Text-to-region grounding data
=======

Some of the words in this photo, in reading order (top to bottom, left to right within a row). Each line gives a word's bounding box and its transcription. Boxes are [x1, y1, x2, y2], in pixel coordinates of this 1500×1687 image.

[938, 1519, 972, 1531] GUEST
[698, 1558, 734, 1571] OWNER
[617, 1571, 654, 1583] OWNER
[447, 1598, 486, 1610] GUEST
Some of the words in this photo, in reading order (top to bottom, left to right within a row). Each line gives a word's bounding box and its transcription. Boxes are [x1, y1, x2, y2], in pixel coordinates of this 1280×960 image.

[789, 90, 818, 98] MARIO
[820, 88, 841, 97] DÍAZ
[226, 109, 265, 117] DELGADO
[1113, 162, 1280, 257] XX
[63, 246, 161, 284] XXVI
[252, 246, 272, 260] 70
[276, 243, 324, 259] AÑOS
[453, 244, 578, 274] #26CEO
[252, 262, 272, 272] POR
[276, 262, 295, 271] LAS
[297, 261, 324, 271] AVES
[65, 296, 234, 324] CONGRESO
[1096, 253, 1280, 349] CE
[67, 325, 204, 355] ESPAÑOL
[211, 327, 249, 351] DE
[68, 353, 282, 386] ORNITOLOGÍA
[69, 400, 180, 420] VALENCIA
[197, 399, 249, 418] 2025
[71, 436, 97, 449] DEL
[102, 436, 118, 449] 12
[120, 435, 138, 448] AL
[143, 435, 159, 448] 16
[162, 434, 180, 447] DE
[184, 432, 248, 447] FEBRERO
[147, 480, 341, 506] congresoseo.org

=======

Write each line above out exactly.

Written reply
Some of the words in this photo, in reading order (top to bottom, left to right within a row). Each line gives a word's bounding box and its transcription. Boxes are [x1, y1, x2, y2], in pixel coordinates of this 1500×1687 image.

[938, 1519, 972, 1531] GUEST
[698, 1558, 734, 1571] OWNER
[617, 1571, 654, 1583] OWNER
[447, 1598, 486, 1610] GUEST
Some of the words in this photo, in reading order (top to bottom, left to right within a row). Each line gives a word's bounding box and its transcription. Boxes are [x1, y1, x2, y2], in pixel coordinates of this 1280×960 image.

[789, 90, 818, 98] MARIO
[820, 88, 841, 97] DÍAZ
[226, 109, 265, 117] DELGADO
[1113, 162, 1280, 257] XX
[63, 246, 161, 284] XXVI
[252, 246, 272, 260] 70
[276, 243, 324, 259] AÑOS
[453, 244, 578, 274] #26CEO
[252, 262, 272, 272] POR
[276, 262, 295, 271] LAS
[297, 261, 324, 271] AVES
[65, 296, 234, 324] CONGRESO
[1096, 253, 1280, 349] CE
[67, 325, 204, 355] ESPAÑOL
[211, 327, 249, 351] DE
[68, 353, 282, 386] ORNITOLOGÍA
[69, 400, 180, 420] VALENCIA
[197, 399, 249, 418] 2025
[71, 436, 97, 449] DEL
[102, 436, 118, 449] 12
[120, 435, 138, 448] AL
[143, 435, 159, 448] 16
[162, 434, 180, 447] DE
[184, 432, 248, 447] FEBRERO
[147, 480, 341, 506] congresoseo.org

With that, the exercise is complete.